Fehlende Datenschutzerklärung
Viele Website-Betreiber vergessen, eine Datenschutzerklärung auf ihrer Seite zu platzieren oder aktualisieren diese nicht regelmäßig. Hier sollte man darauf achten, dass die Datenschutzerklärung alle notwendigen Angaben enthält und auch wirklich auf der Seite verfügbar ist.
Fehlender Hinweis auf Cookies
Wenn auf der Website Cookies genutzt werden, muss der Nutzer darüber informiert und um seine Einwilligung gebeten werden. Dieser Hinweis sollte prominent platziert werden, zum Beispiel als Pop-up oder als Banner am Seitenrand.
Fehlende Einwilligung für Marketing-Mails
Auch für das Versenden von Marketing-E-Mails muss der Nutzer ausdrücklich seine Einwilligung geben. Hier sollten klare Opt-in-Verfahren eingesetzt werden, um sicherzustellen, dass der Nutzer tatsächlich weiß, wofür er seine Einwilligung gibt.
Mangelnde technische und organisatorische Maßnahmen
Um die Sicherheit der personenbezogenen Daten zu gewährleisten, müssen angemessene technische und organisatorische Maßnahmen getroffen werden. Hier kann es zum Beispiel um die Verschlüsselung der Datenübertragung, regelmäßige Backups oder die Schulung der Mitarbeiter gehen.
Fehlende Auftragsverarbeitungsverträge
Wenn ein Drittanbieter (z.B. ein Hoster oder eine Marketing-Agentur) Zugriff auf personenbezogene Daten hat, muss mit diesem ein Auftragsverarbeitungsvertrag geschlossen werden, der die Datenschutzanforderungen regelt. Hier sollte man darauf achten, dass alle notwendigen Vereinbarungen getroffen werden und diese auch schriftlich fixiert sind.
Unzureichende Dokumentation
Um im Falle einer Prüfung durch die Datenschutzbehörde nachweisen zu können, dass man sich an die DSGVO gehalten hat, ist eine ausführliche Dokumentation der getroffenen Maßnahmen notwendig. Hier sollte man darauf achten, dass alle relevanten Dokumente (z.B. Verarbeitungsverzeichnis, Datenschutzerklärung, Auftragsverarbeitungsverträge) vorhanden und aktuell sind.
Fazit
Summa summarum ist die Umsetzung der DSGVO auf Websites eine komplexe und vielschichtige Angelegenheit, dennoch ist es durchaus möglich, sich das notwendige Wissen anzueignen und erfolgreich anzuwenden. Genau das gehen wir im nächsten Schritt an!

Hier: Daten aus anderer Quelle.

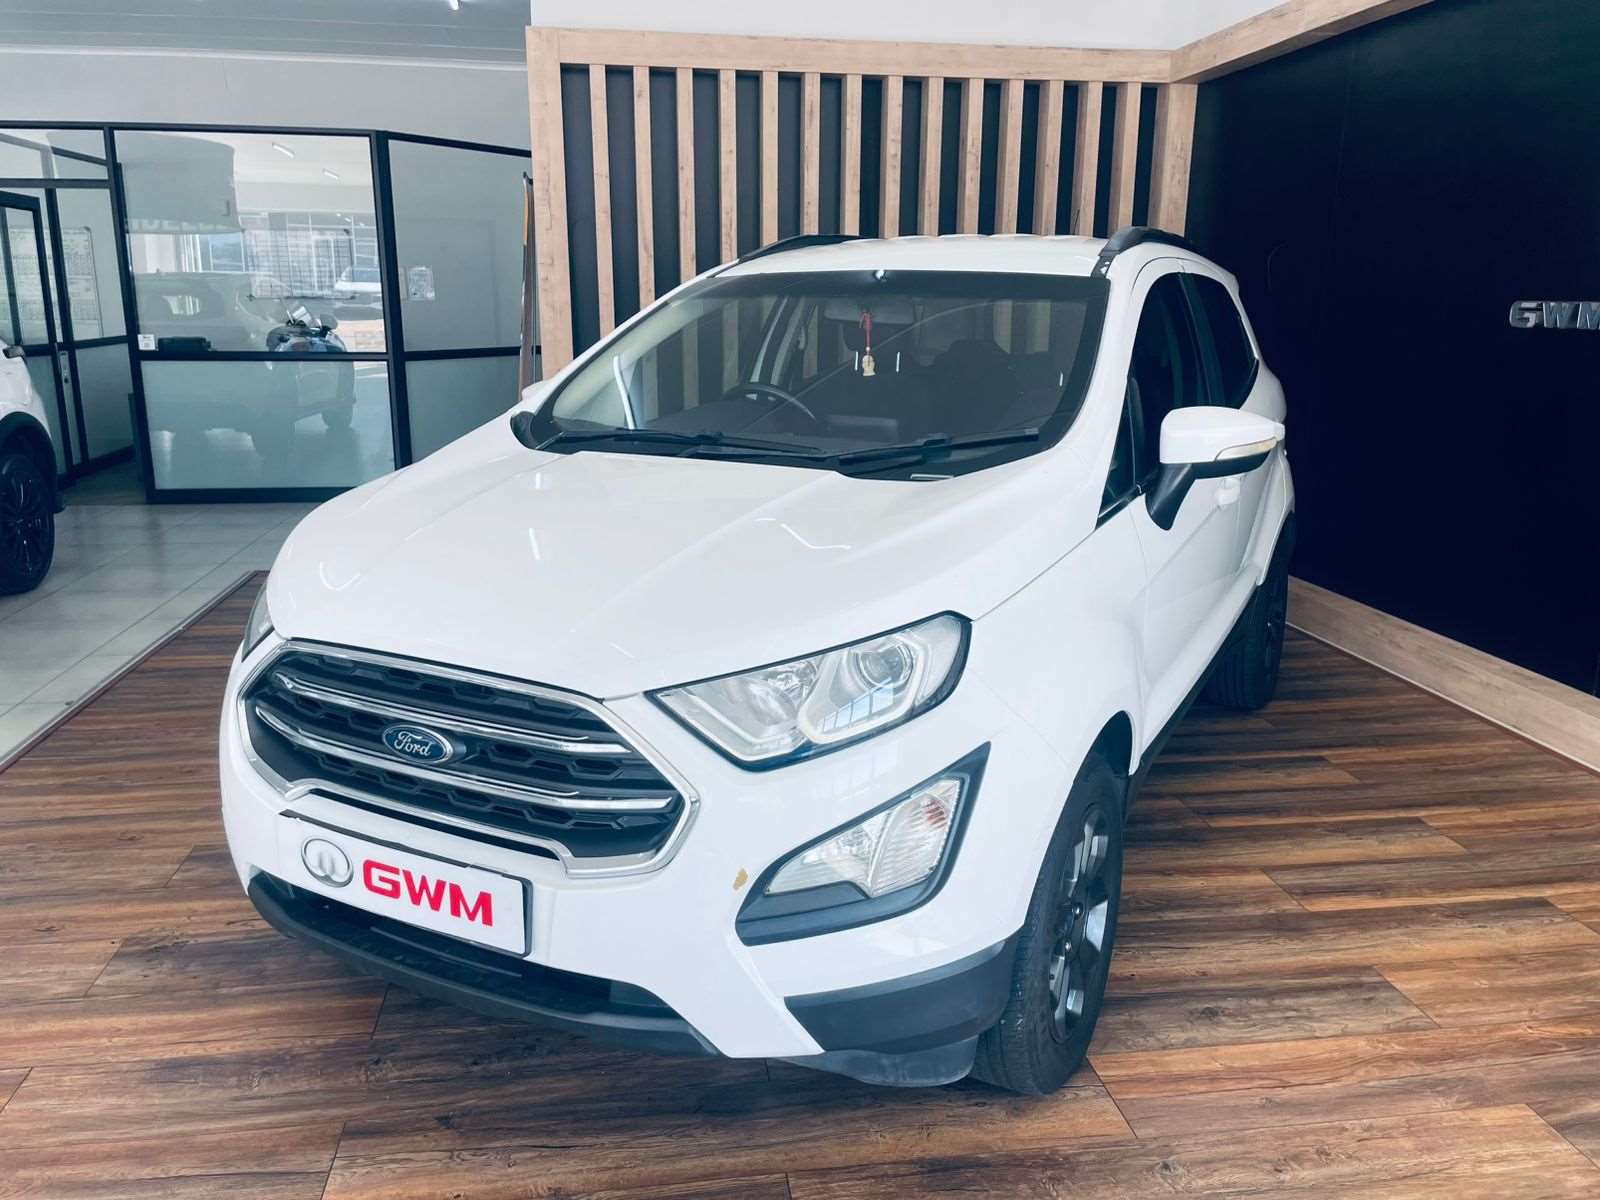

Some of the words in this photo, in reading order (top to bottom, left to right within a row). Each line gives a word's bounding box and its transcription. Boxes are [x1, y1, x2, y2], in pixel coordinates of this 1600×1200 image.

Gerade bei kommerziellen Websites, wie unserer Beispiel-Website im nächsten Artikel, ist eine sorgfältige Umsetzung der DSGVO-Anforderungen unabdingbar. In diesem Zusammenhang ist es ratsam, auch die Wahl der Zahlungsmethode und des Hosting-Providers sorgfältig zu prüfen und auf Anbieter zurückzugreifen, die den Anforderungen der DSGVO gerecht werden.